How Kerry showed steel in BCCI hunt

THE MAN who would be President may be being feted by US Democrats as a decorated Vietnam veteran who flipped his military record to become one of Richard Nixon's fiercest anti-war critics 30 years ago, but Anglo-Asian businessmen and British local authorities have a few billion different reasons to thank John Kerry.

The Bostonian, Yale-educated senator, as head of the Senate's Foreign Relations Committee, led the American end of the investigation into where the skeletons were buried at the crooked Bank of Credit & Commerce International, closed down in the summer of 1991.

While the Bingham Report, written by Lord Justice Bingham in 1992, was gently rapping the Bank of England over the BCCI affair, Kerry led a full-frontal assault.

The Kerry Report, published shortly before Bingham, stoked the BCCI liquidators Deloitte & Touche into worldwide probes which thus far have recovered around 75% of monies, running into billions of pounds, lost in the collapse. It also provided the impetus for the liquidators to chase BCCI's supervisor, the Bank of England.

That is now being played out in Court 73 of the High Court in London in a case in which the BoE is being sued for up to £1bn. If successful, that will top up the recoveries for depositors in a bank which at its height had 45 branches across Britain.

Where Bingham obfuscated, Kerry said the BoE's work on BCCI was 'wholly inadequate', criticising it for persistent cover-up and an obsession with secrecy. He fuelled conspiracy theorists by reporting that the first people in to BCCI offices were MI5 officers who sealed and removed documents. It was Kerry, now 12 years ago, who first accused the BoE of avoiding primary responsibility for supervising BCCI. That accusation is the central tenet of Deloitte & Touche's case.

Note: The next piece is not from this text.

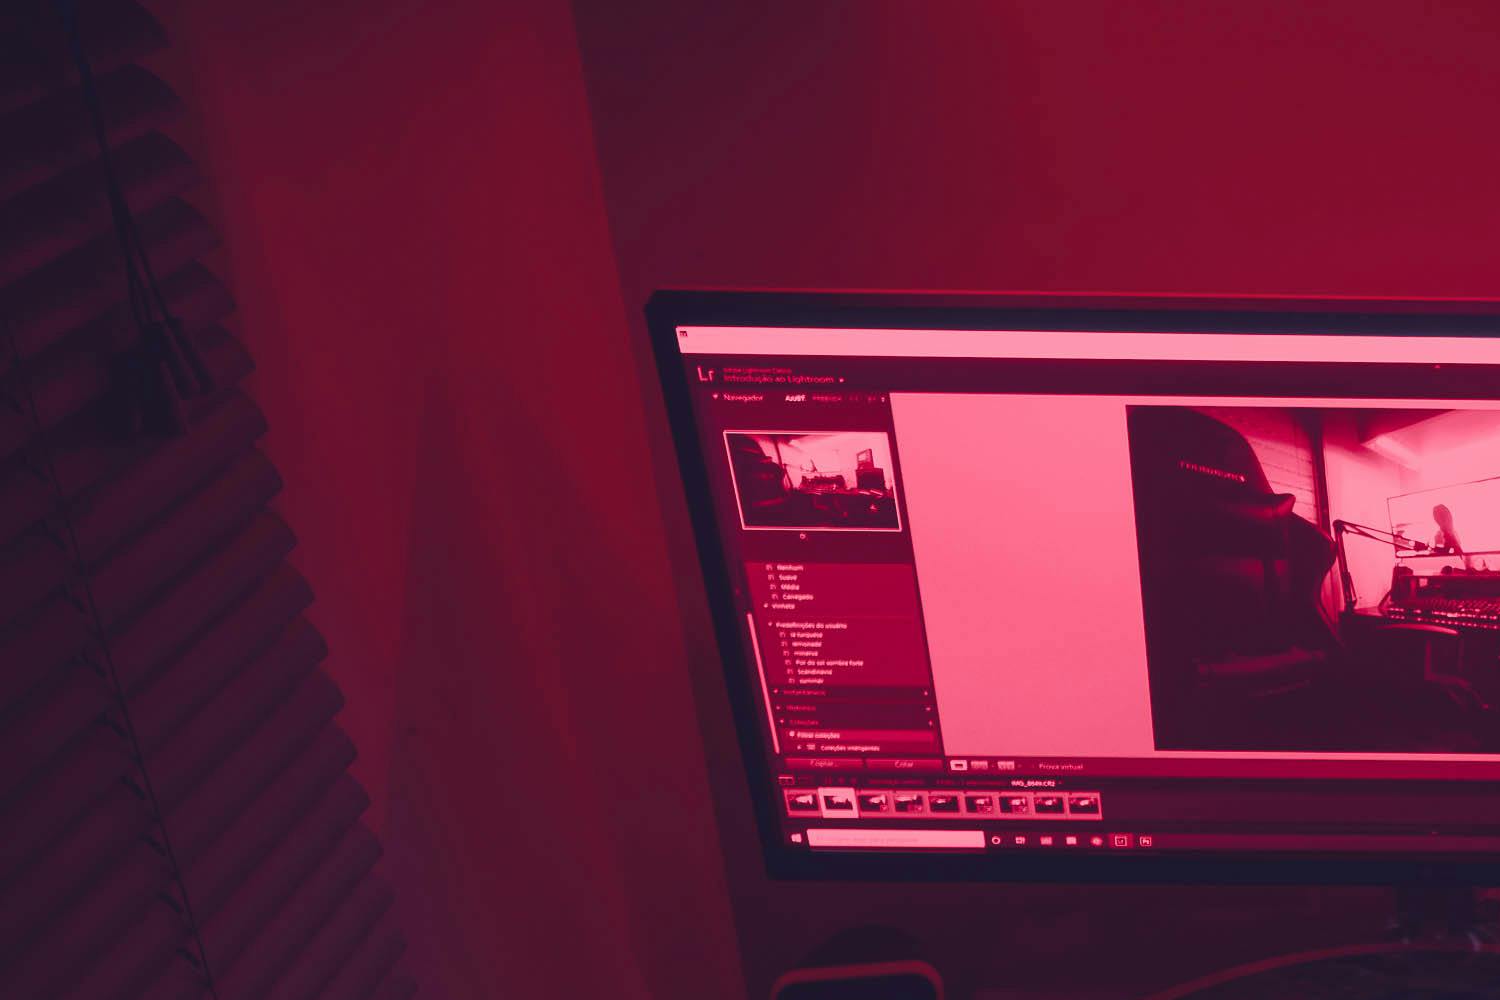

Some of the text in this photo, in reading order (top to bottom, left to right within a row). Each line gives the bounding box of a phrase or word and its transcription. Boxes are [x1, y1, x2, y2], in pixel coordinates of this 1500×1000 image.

[697, 366, 715, 382] Lr
[724, 375, 834, 384] Introdução ao Lightroom
[724, 394, 763, 402] Navegador
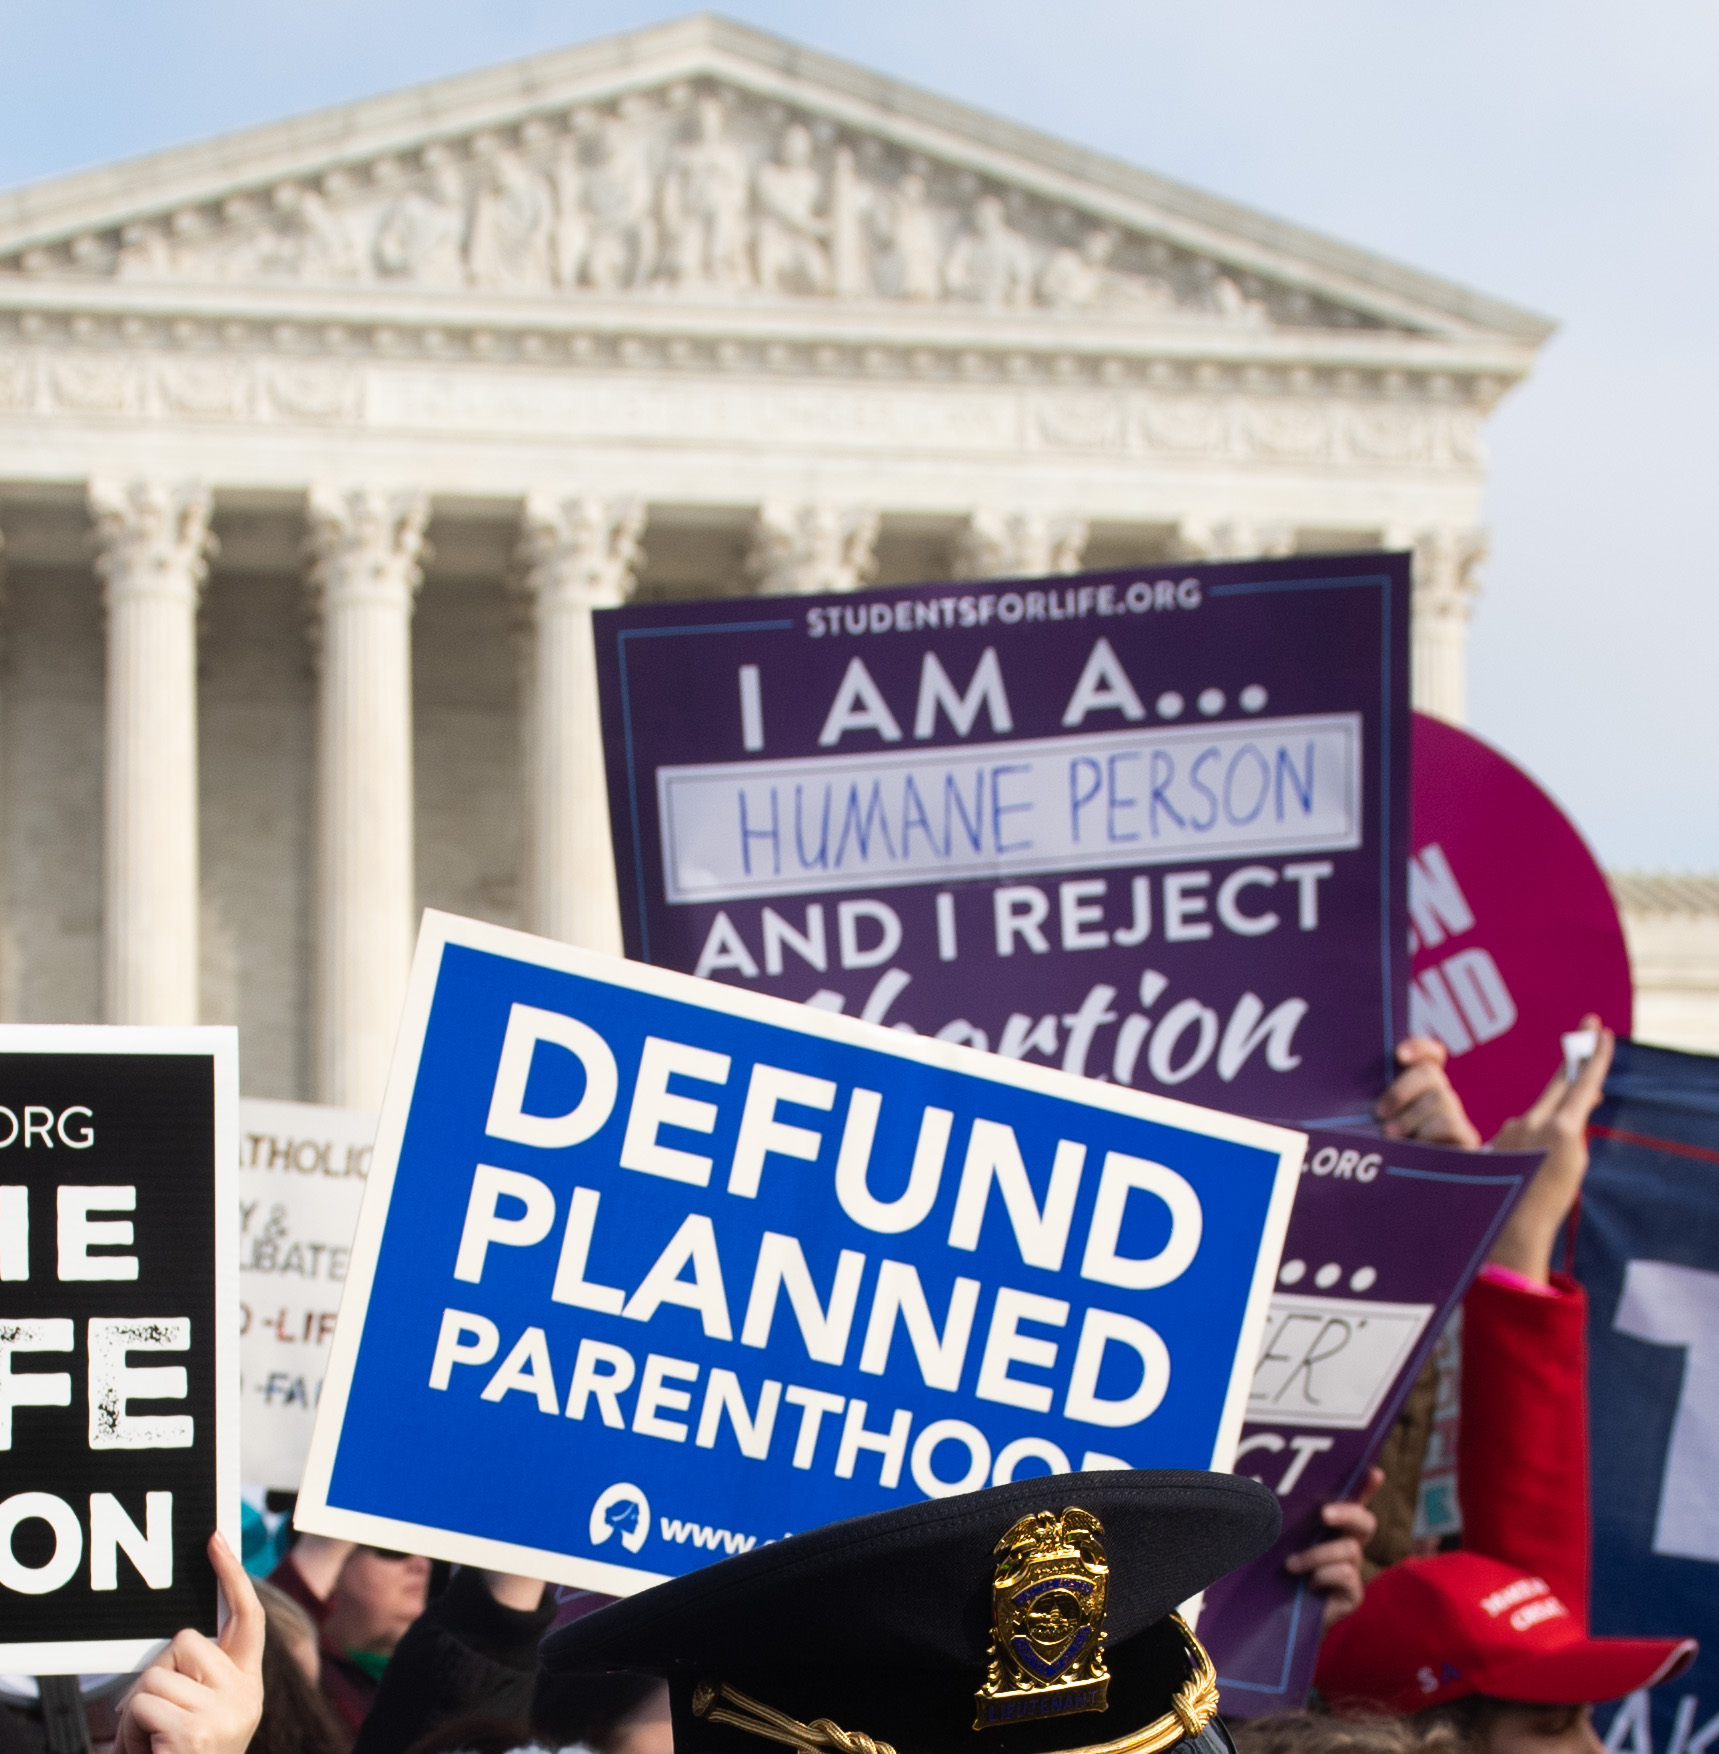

AS A senator, John Kerry has a record of budget-cutting, has consistently attacked George Bush over the soaring US deficit and has pledged to slash it if elected President. However, he also promises to keep many of Bush's controversial tax cuts in place for the middle class, only abolishing those that benefit the wealthy - broadly, those earning more than $200,000 a year. At the same time, he wants to boost spending on new healthcare programmes and maintain a fairly high level of defence spending.